Manhattan: Die Hutparade und ein Haus, das wie ein Koffer aussieht

Irene Runge kam in New York zur Welt und wuchs in Manhattan auf. Seit 1949 lebt die jüdische Publizistin in Deutschland. An den Ort ihrer Kindheit kehrt sie regelmäßig zurück.

Irene Runge
7 Min
Publizistin Irene Runge in ihrer Wohnung in Berlin am 5. Februar 2026.

Publizistin Irene Runge in ihrer Wohnung in Berlin am 5. Februar 2026.

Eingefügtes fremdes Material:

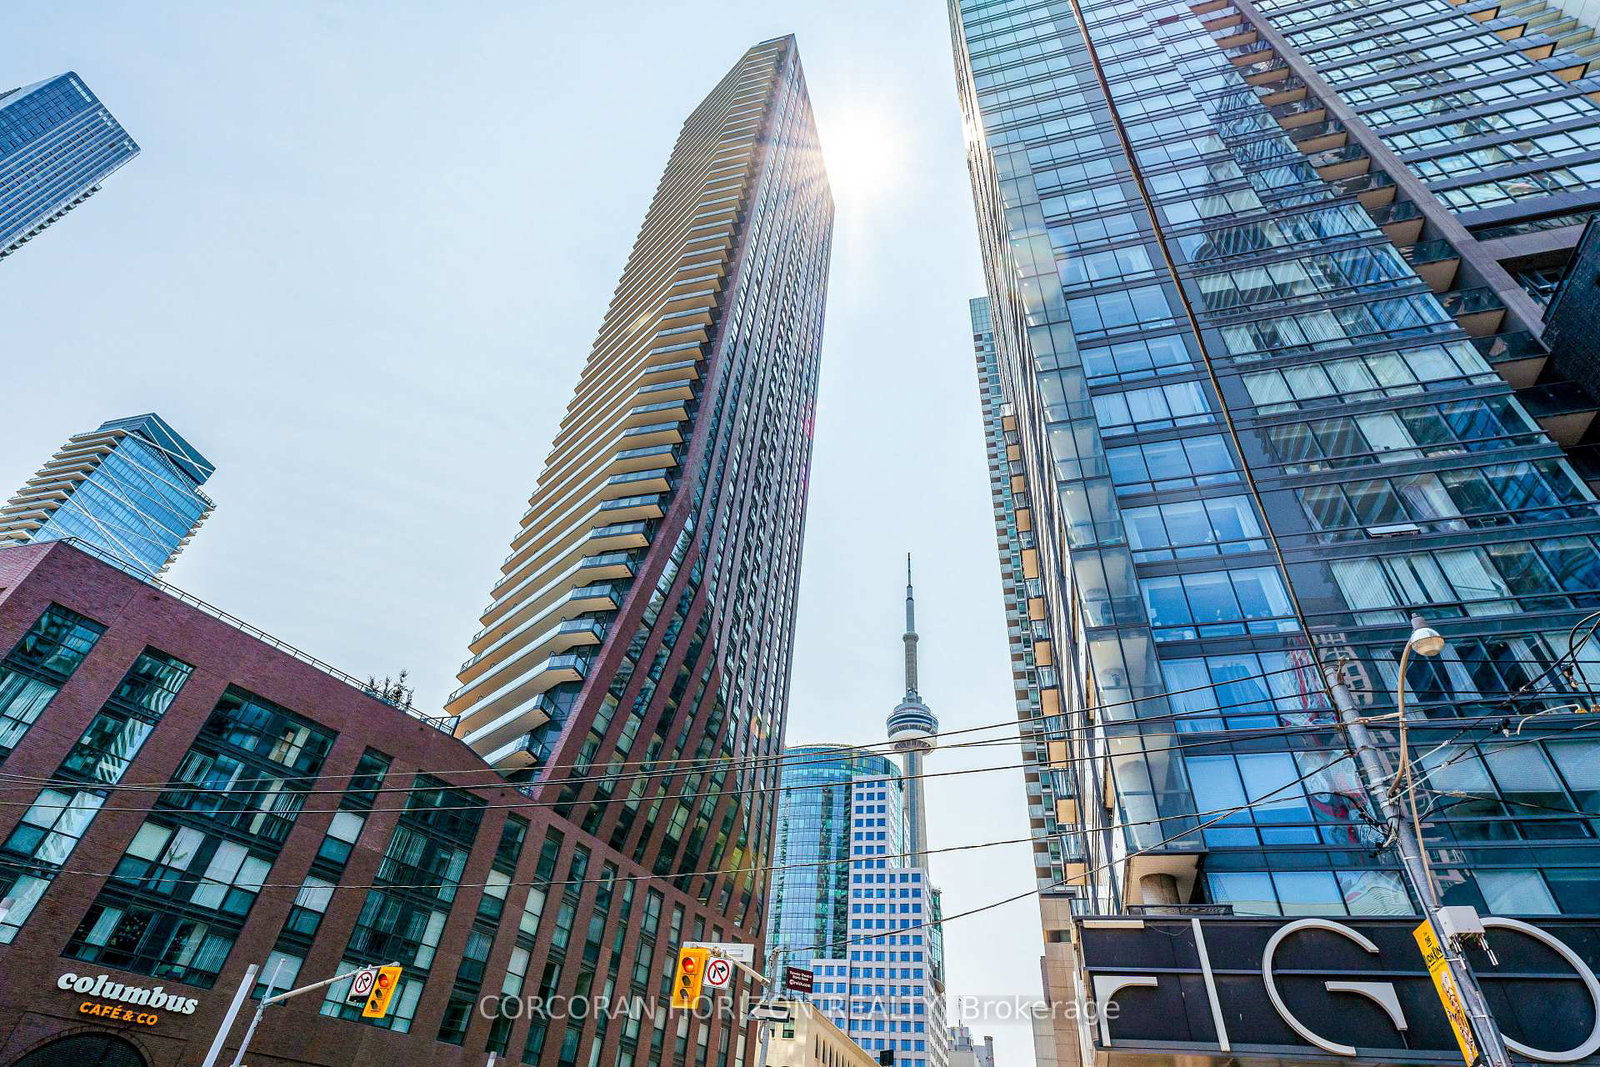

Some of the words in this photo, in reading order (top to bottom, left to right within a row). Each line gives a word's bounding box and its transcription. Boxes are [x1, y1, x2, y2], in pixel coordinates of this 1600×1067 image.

© Emmanuele Contini/Berliner Zeitung

In den Osterferien haben wir mit unserem Ur-Enkel Oskar meine Geburtsstadt Manhattan besucht. Er ist gerade 18 geworden, die Reise ist ein Geburtstagsgeschenk. Wir landen wegen eines Familientreffens in Boston. Martialisch wirkende ICE-Männer lächeln uns zu, kein Trump-Plakat. Entgegen aller Warnungen geht die Einreise wie immer zügig, enttäuschend nur das feuchtkalte Wetter. Die Familie ist um drei Generationen gewachsen und um neue Anverwandte, unkonventionell wurde der Pessach-Sederabend gefeiert.